Discover How This Veteran Used His Charge 5 As a Catalyst for a Critical Health Care Journey
My Fitbit story began on Christmas Eve last year. It was a joyful and hectic time. My wife and I have four grown children and ten grandchildren, so we had a lot of people visiting. That morning, when I checked my health metrics on my Charge 5, I noticed that my heart rate variability (HRV) had not registered during the night. I hadn’t looked at the ECG feature for a while, so out of curiosity, I decided to try it.* The read-out indicated that my heart was in a state of atrial fibrillation. The chambers of my heart were not contracting in their normal coordinated fashion. I also noticed that my heart rate was slightly elevated, but I couldn’t feel any unusual palpitations.
I was a little concerned, but I didn’t think I was in immediate danger. I decided not to tell my wife or family until after Christmas. I didn’t want to worry anyone and thought it might resolve on its own. I did borrow my wife’s Charge 5 to double check the results, and sure enough, it showed the same AFib reading.
Five days later, after we had cleaned up from the celebrations, I made an appointment to see my primary care doctor. I showed him that my Charge 5 was still indicating that I had AFib. After consulting with a cardiologist, I started on a series of tests to try and figure out what might be causing the change in my heart rhythm.
After all the tests came back, I learned two surprising things. Apparently, I had had a heart defect from birth. It’s called a bicuspid aortic valve—basically, one of the valves in my heart that is supposed to have three flaps that open and close only has two. It’s a relatively common defect, and it has never stopped me from leading an active life. Unfortunately, it can make you more prone to other complications, one of which the doctors found. In examining my heart, they discovered a thoracic aortic aneurysm. One of the large blood vessels that carry blood from my heart to the rest of my body was larger and weaker than it should normally be.

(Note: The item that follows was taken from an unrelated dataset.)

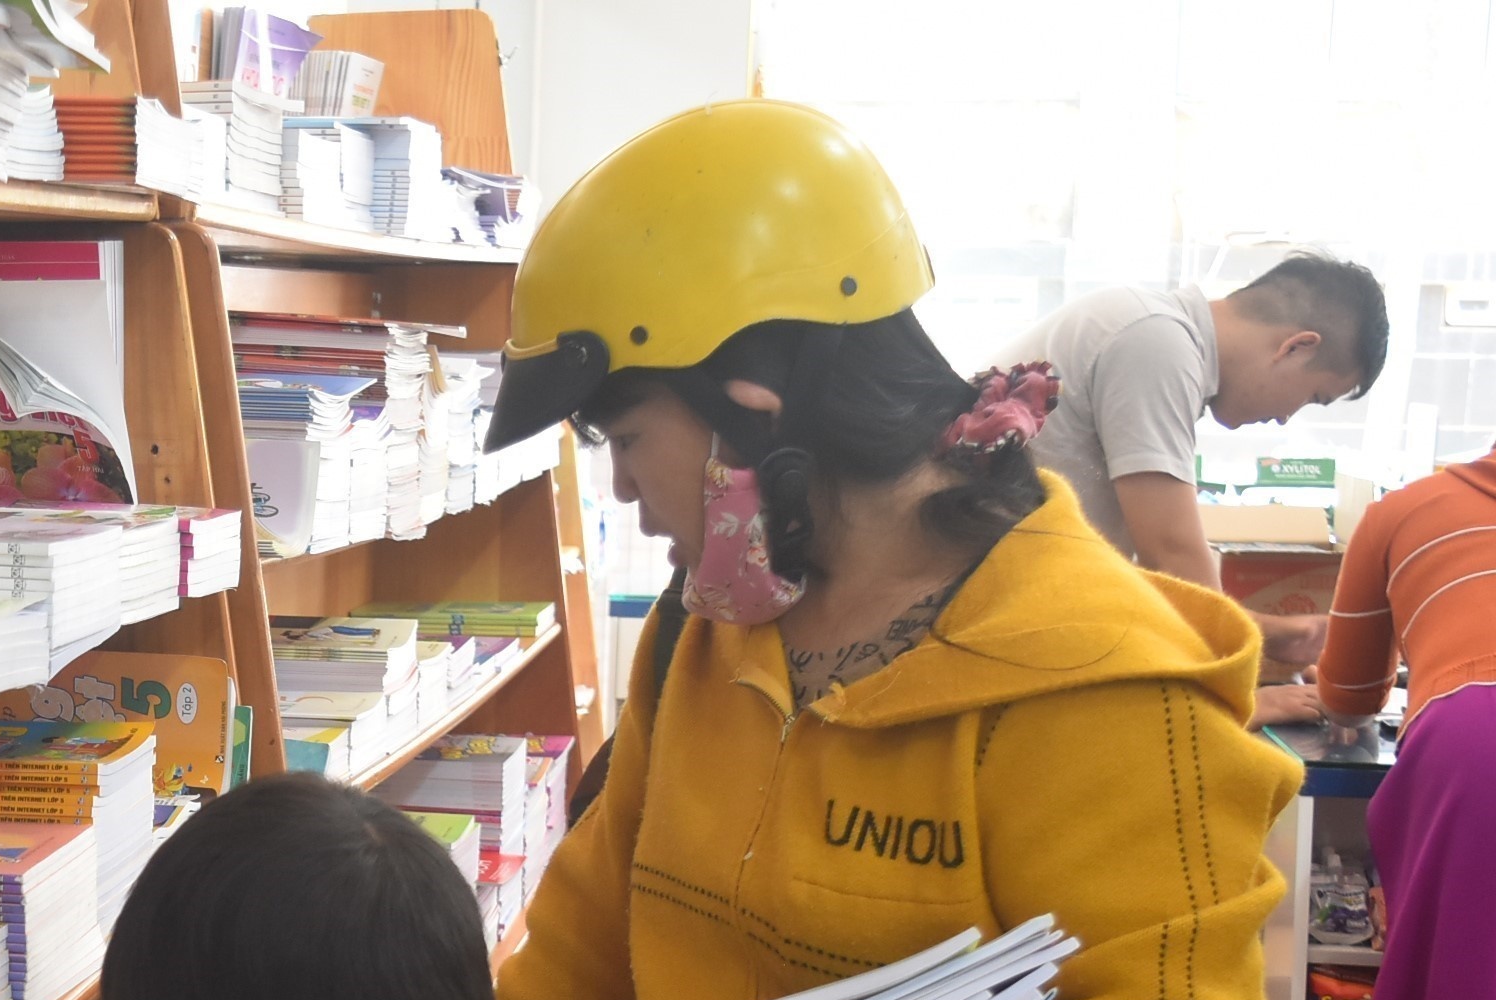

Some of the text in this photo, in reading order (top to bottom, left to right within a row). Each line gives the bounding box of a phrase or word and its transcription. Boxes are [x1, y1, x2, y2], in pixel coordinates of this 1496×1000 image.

Aortic aneurysms are scary because they often have no symptoms and the weakened blood vessel can break with no warning. That can be deadly. Once you know about the condition, your doctor can monitor the size of the aneurysm over time to see if it is getting larger. I’m not a candidate for surgery unless my doctors see a significant change. I now have a whole panel of doctors who will monitor my condition into the future.
When I first got the diagnosis, I was worried that it would drastically change my lifestyle. I’m 62 years old and I’ve always been very active. I played sports in high school, then went on to serve 7 years in the military and 25 years in law enforcement. I’ve been retired for 9 years and my wife and I have an exercise regime that includes weight training, biking, and a rowing machine. We have dogs and like to walk at least two miles a day. Our garage is pretty much a full-functioning gym. Giving up those activities would have been depressing.
Fortunately, the doctors told me it was just as important as ever to stay active if I followed a few modifications. They told me to reduce my weight by 20 percent, monitor my heart rate while exercising, and not hold my breath.
I’m now on a low dose of heart medication, and the AFib has resolved for now but I check it regularly using my Charge 5. I also use my Fitbit to monitor my heart rate while I exercise to make sure that it doesn’t get too high, and I check my Daily Readiness Score every day along with keeping track of my Active Zone Minutes for the week. If I had never used the ECG feature on my Fitbit, I likely would not have learned about my two heart conditions. That knowledge will play a major role in my chances of having a longer and healthier life.
As told to Ethan Watters
*The Fitbit ECG app is only available in select countries. Not intended for use by people under 22 years old. See fitbit.com/ecg for additional details.”